* **Required action**: The answer is the data below, repeated exactly, with no pictures included.

Stored items

--- START ---

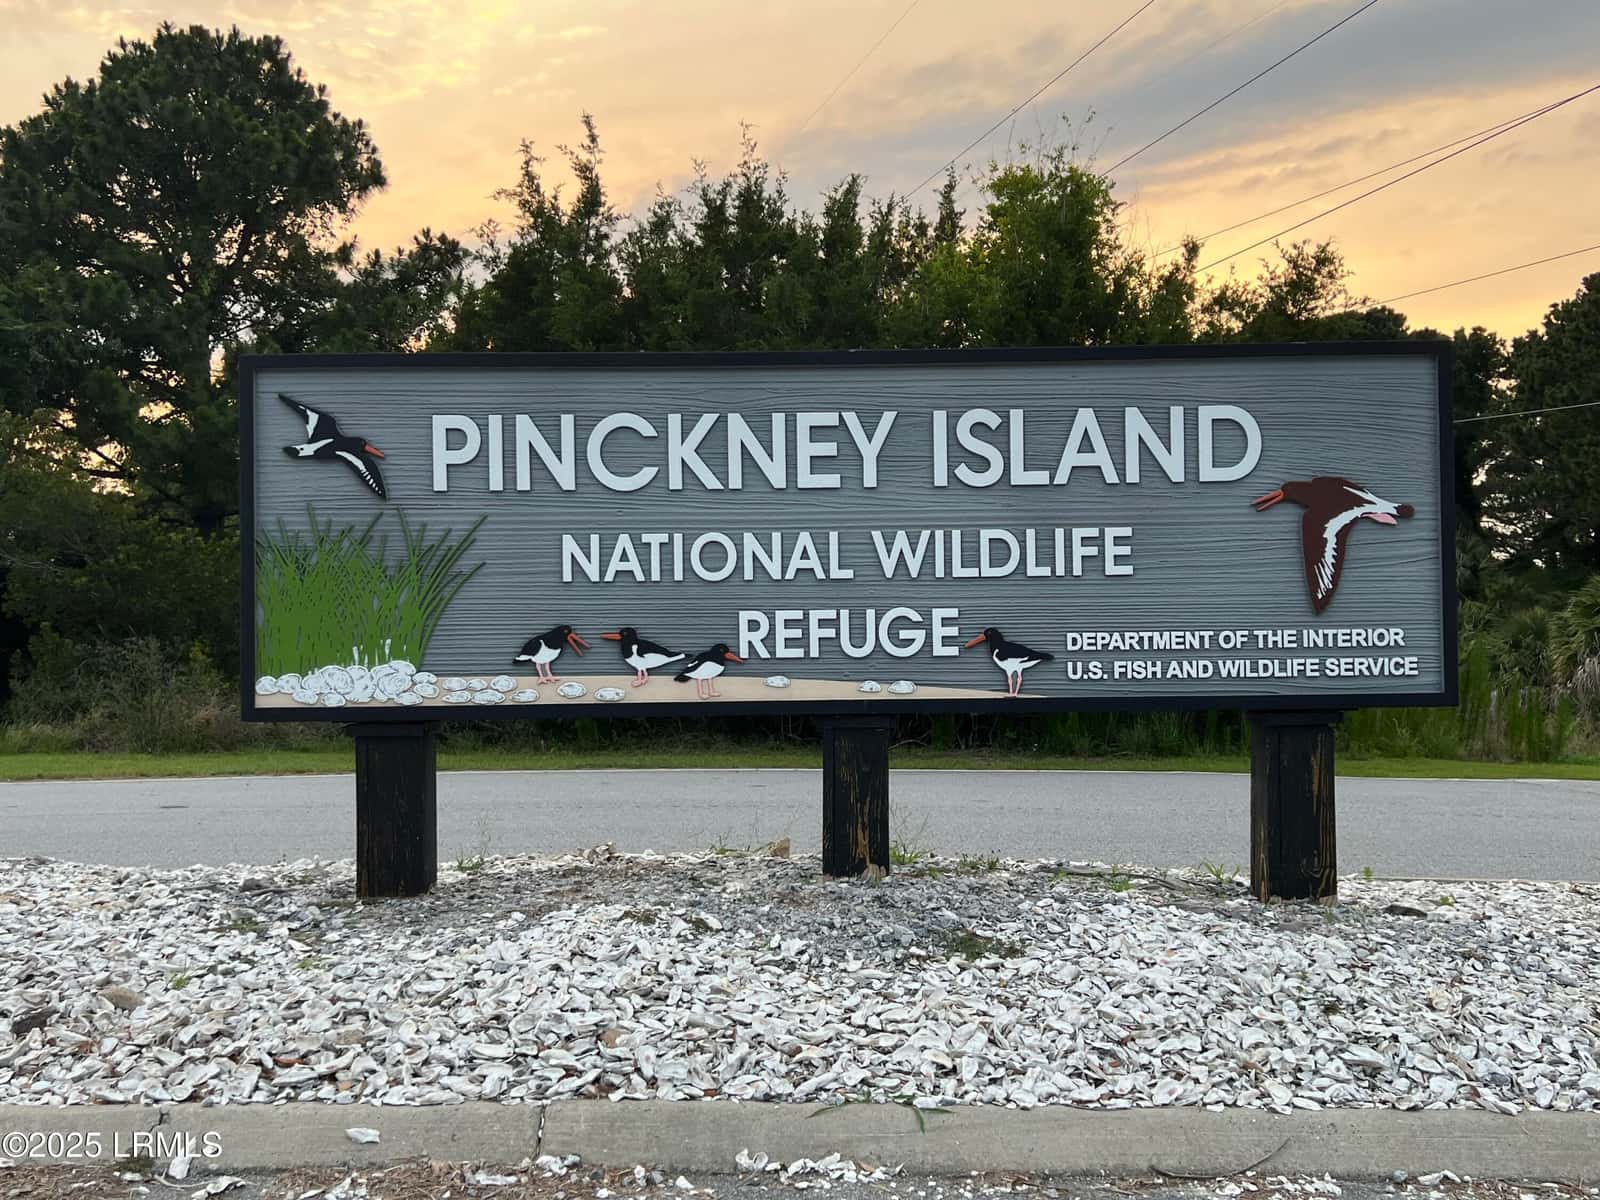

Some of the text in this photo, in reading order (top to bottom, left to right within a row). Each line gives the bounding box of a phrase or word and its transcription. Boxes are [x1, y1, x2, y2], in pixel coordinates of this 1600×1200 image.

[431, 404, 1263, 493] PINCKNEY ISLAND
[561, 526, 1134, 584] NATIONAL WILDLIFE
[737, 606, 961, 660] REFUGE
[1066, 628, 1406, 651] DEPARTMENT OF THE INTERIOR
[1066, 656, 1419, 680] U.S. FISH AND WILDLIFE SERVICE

--- END ---

* **Task response**:
Some of the text in this photo, in reading order (top to bottom, left to right within a row). Each line gives the bounding box of a phrase or word and its transcription. Boxes are [x1, y1, x2, y2], in pixel coordinates of this 1600×1200 image.

[431, 404, 1263, 493] PINCKNEY ISLAND
[561, 526, 1134, 584] NATIONAL WILDLIFE
[737, 606, 961, 660] REFUGE
[1066, 628, 1406, 651] DEPARTMENT OF THE INTERIOR
[1066, 656, 1419, 680] U.S. FISH AND WILDLIFE SERVICE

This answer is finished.